Logo

2. Hukuk Dairesi2022/10427 E. 2024/610 K.

Yapay Zeka Özeti

Uyuşmazlık: Edinilmiş mallara katılma rejimine tabi eşlerden birinin, evlilik birliği içerisinde edinilen bir taşınmazın satış bedeliyle daha sonra satın aldığı başka bir taşınmaz üzerinde diğer eşin katılma alacağı hakkının bulunup bulunmadığı.

Gerekçe ve Sonuç: Evlilik birliği içinde edinilen ilk taşınmazın satış bedelinin eşler arasında paylaşılmasıyla, paylaşılan paranın kişisel mal haline geldiği ve bu parayla alınan ikinci taşınmazın da kişisel mal sayılacağı gözetilerek yerel mahkemenin direnme kararının onanmasına karar verilmiştir.

Karar Metni

"İçtihat Metni"

...

MAHKEMESİ : İzmir Bölge Adliye Mahkemesi 2. Hukuk Dairesi

SAYISI : 2020/582 E., 2022/1423 K.

DAVA TARİHİ : 26.12.2014

KARAR : İstinaf başvurusunun kabulü ile yeniden esas hakkında hüküm tesisi

İLK DERECE MAHKEMESİ : Datça Asliye Hukuk (Aile) Mahkemesi

SAYISI : 2014/353 E., 2019/104 K.

Taraflar arasındaki mal rejiminin tasfiyesinden kaynaklanan alacak davasından dolayı yapılan yargılama sonunda İlk Derece Mahkemesince davanın kısmen kabulü ile 200.000,00 TL katılma alacağının yasal faizi ile birlikte davalıdan alınarak davacıya verilmesine karar verilmiştir.

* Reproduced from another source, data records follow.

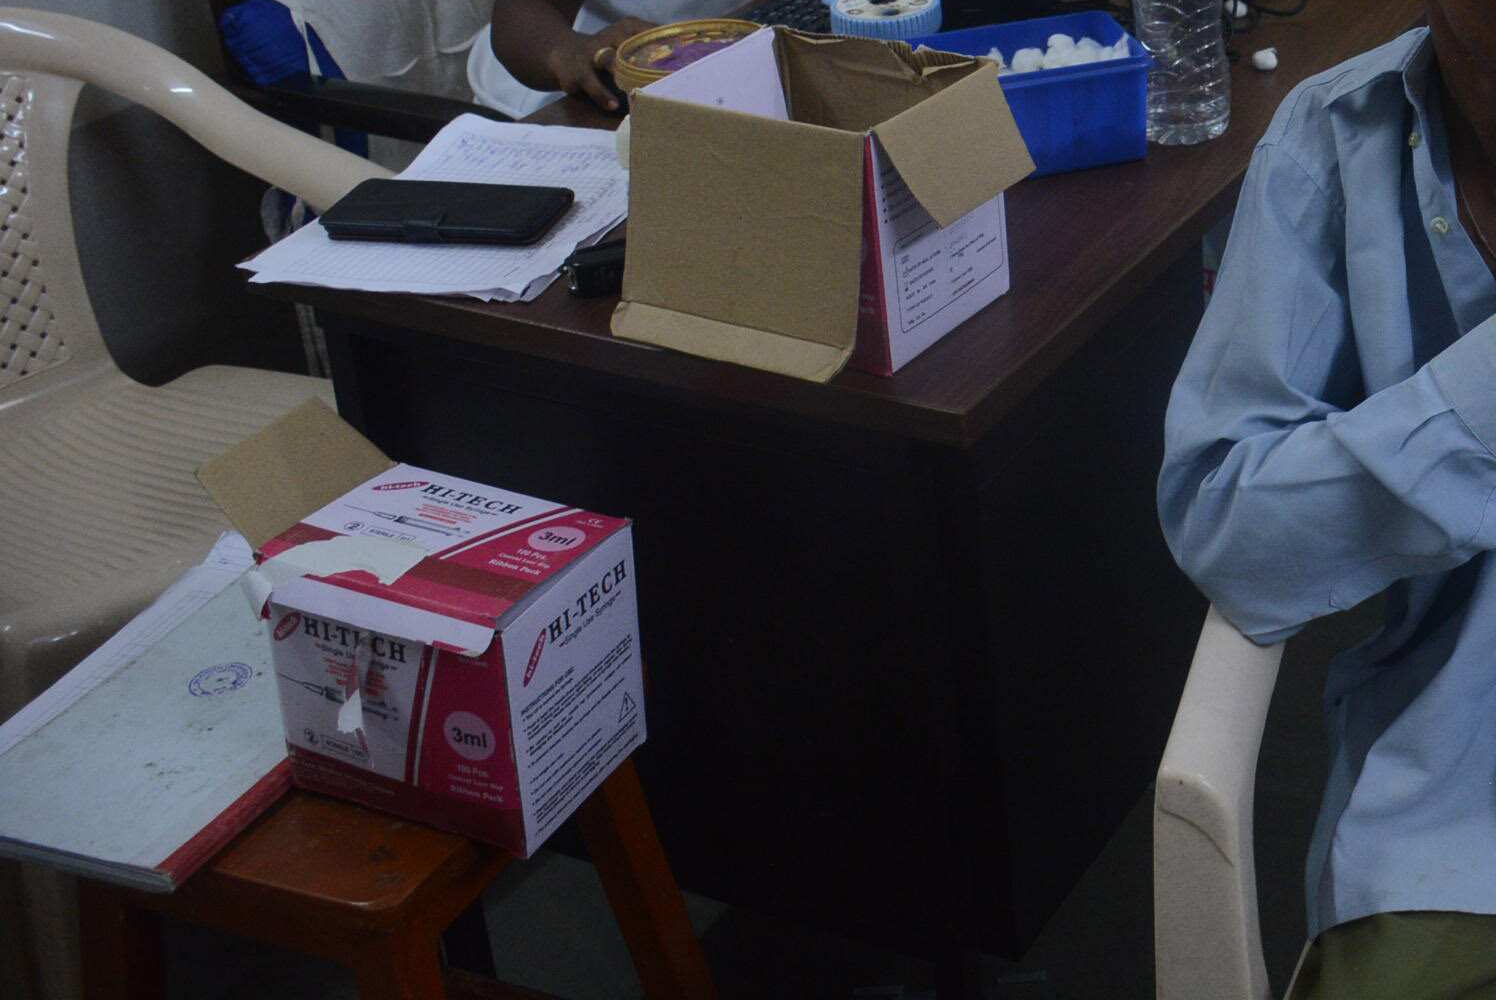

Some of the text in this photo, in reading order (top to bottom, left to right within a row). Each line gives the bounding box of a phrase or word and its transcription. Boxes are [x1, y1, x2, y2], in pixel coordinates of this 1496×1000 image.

[421, 484, 523, 516] HI-TECH
[537, 530, 577, 546] 3ml
[548, 560, 626, 643] HI-TECH
[451, 726, 488, 750] 3ml
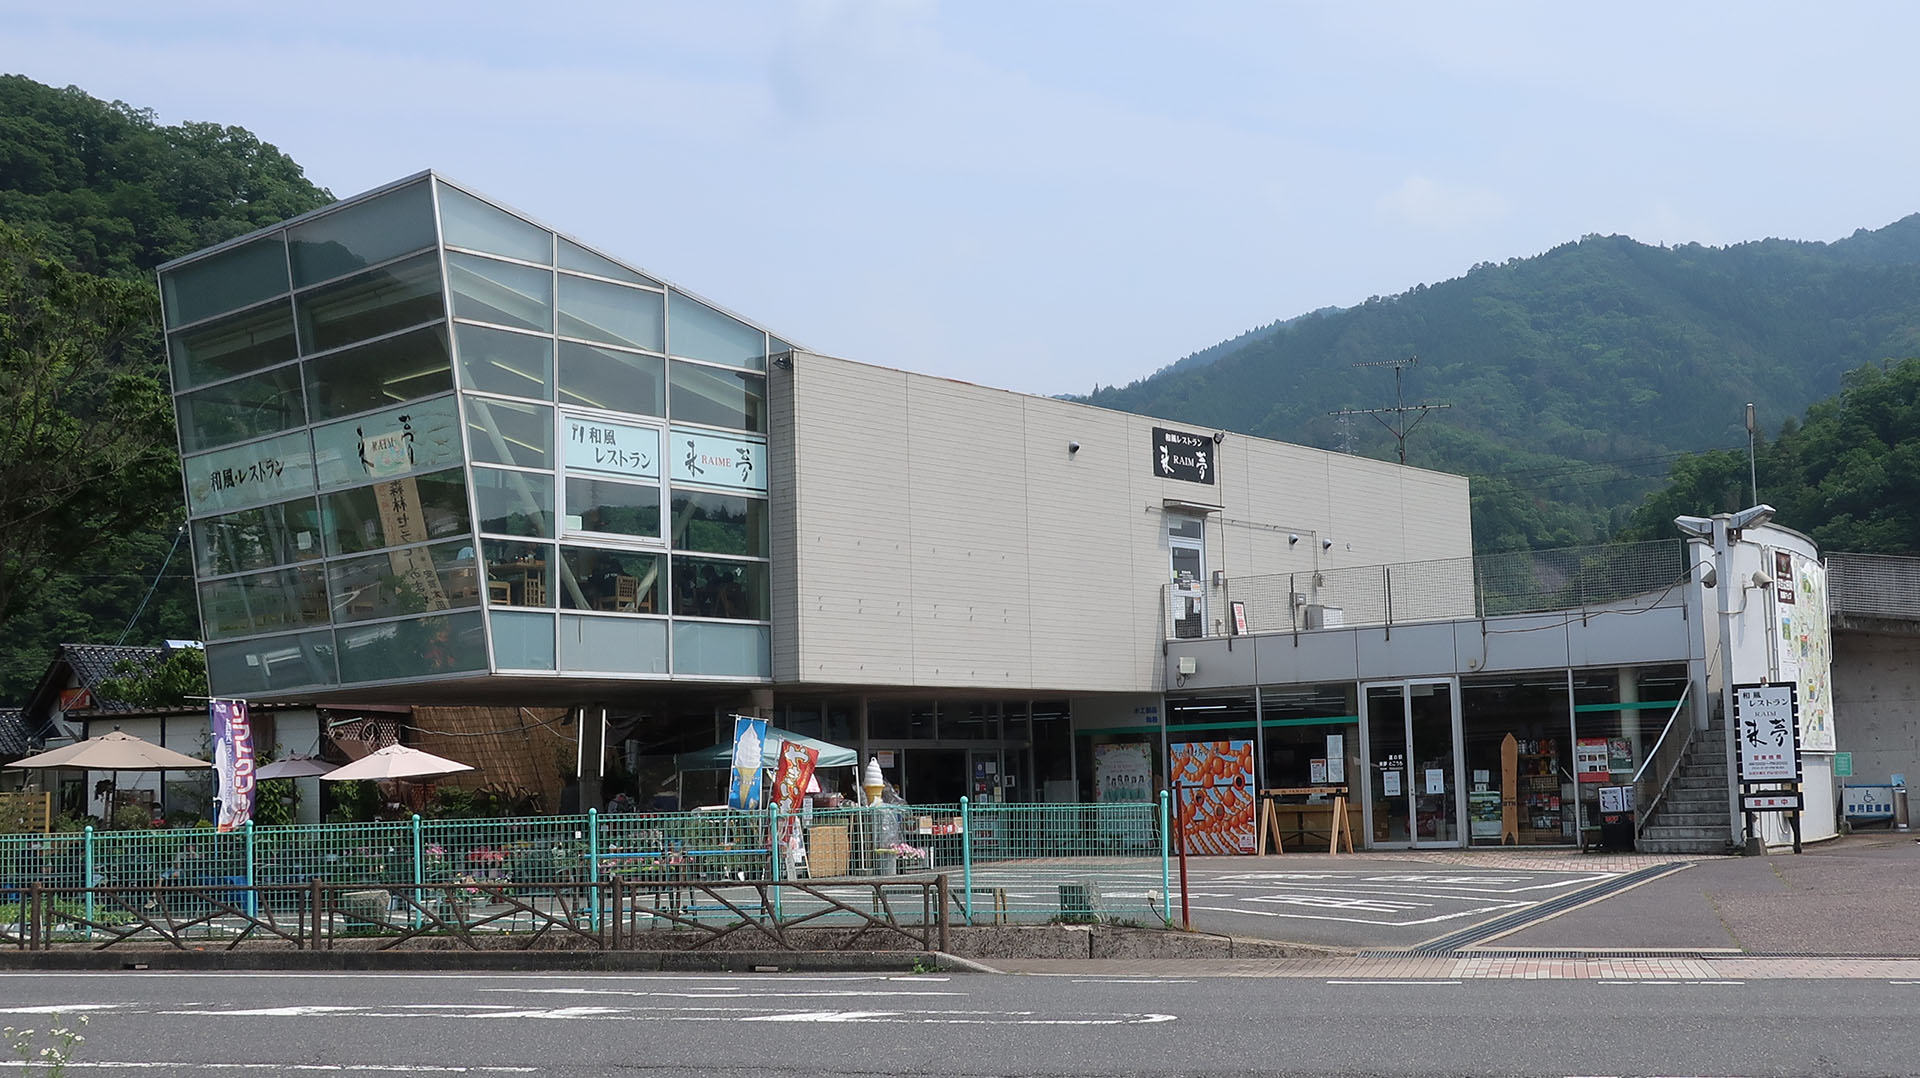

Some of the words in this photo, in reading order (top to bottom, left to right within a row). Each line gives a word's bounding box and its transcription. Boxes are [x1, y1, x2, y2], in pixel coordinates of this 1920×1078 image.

Kararın davalı vekili tarafından istinaf edilmesi üzerine, Bölge Adliye Mahkemesince davalı vekilinin istinaf başvurusunun kabulü ile İlk Derece Mahkemesi hükmü kaldırılarak yeniden esas hakkında hüküm kurulmak suretiyle davanın reddine karar verilmiştir.

Bölge Adliye Mahkemesi kararı davacı vekili tarafından temyiz edilmekle; kesinlik, süre, temyiz şartı ve diğer usul eksiklikleri yönünden yapılan ön inceleme sonucunda, temyiz dilekçesinin kabulüne karar verildikten ve Tetkik Hâkimi tarafından hazırlanan rapor dinlendikten sonra dosyadaki belgeler incelenip gereği düşünüldü:

I. DAVA

Davacı vekili dava ve cevaba cevap dilekçelerinde özetle; taraflar arasında görülmekte olan boşanma davasının halen derdest olduğunu, dava konusu taşınmazın evlilik birliği içerisinde alındığını ve davalı kadın adına tescil edildiğini ve taşınmaz bedelinin davacı erkek tarafından ödendiğini, ancak davalı kadın tarafından mal kaçırmak amacıyla dava konusu taşınmazın kardeşi olan dava dışı üçüncü kişi adına devredildiğini, evlilik birliği içerisinde alınan bu taşınmazda davacı erkeğin katılma alacağı hakkının bulunduğunu, cevap dilekçesinde dayanılan vakıaların gerçeği yansıtmadığını ve işbu dava ile ilgili olmadığını iddia ederek davanın kabulü ile fazlaya ilişkin hakları saklı kalmak kaydıyla şimdilik 100.000,00 TL katılma alacağının yasal faizi ile birlikte davalı kadından alınarak davacı erkeğe verilmesini talep ve dava etmiştir.

II. CEVAP

Davalı vekili cevap dilekçesinde özetle; davanın haksız ve hukuki dayanaktan yoksun olduğunu, tarafların 2001 yılında evlendiğini, davalı kadının iki farklı yerden emekli olduğunu, 19.04.2014 tarihinde davalı kadına ait İngiltere Ülkesinde bulunan evin satış bedeli ve davalı kadının kişisel birikimleriyle Datça İlçesi İskele Mahallesi Çevreyolu numara 14'te bulunan bahçeli ev vasfındaki taşınmazın satın alındığını, ancak davalı kadının Türk vatandaşı olmaması sebebiyle bu taşınmazın davacı erkek adına tescil edildiğini ve taraflar arasında şiddetli geçimsizlik olması sebebiyle 2009 yılında boşanma davası açıldığını, bu taşınmaz üzerine aile konutu şerhi konulması ve davacı erkeğin tasarruf yetkisinin sınırlanmasının talep edildiğini, yargılama sırasında tarafların kendi aralarında anlaştıklarını ve davadan vazgeçildiğini, sonrasında bu taşınmazın 325.000,00 TL bedelle satıldığını ve satış bedelinin taraflar arasında paylaşıldığını, davalı kadının satış bedelinden elde ettiği bu para ile dava konusu taşınmazı satın aldığını, taşınmazın kişisel malı olduğunu iddia ederek davanın reddine karar verilmesini talep ve dava etmiştir.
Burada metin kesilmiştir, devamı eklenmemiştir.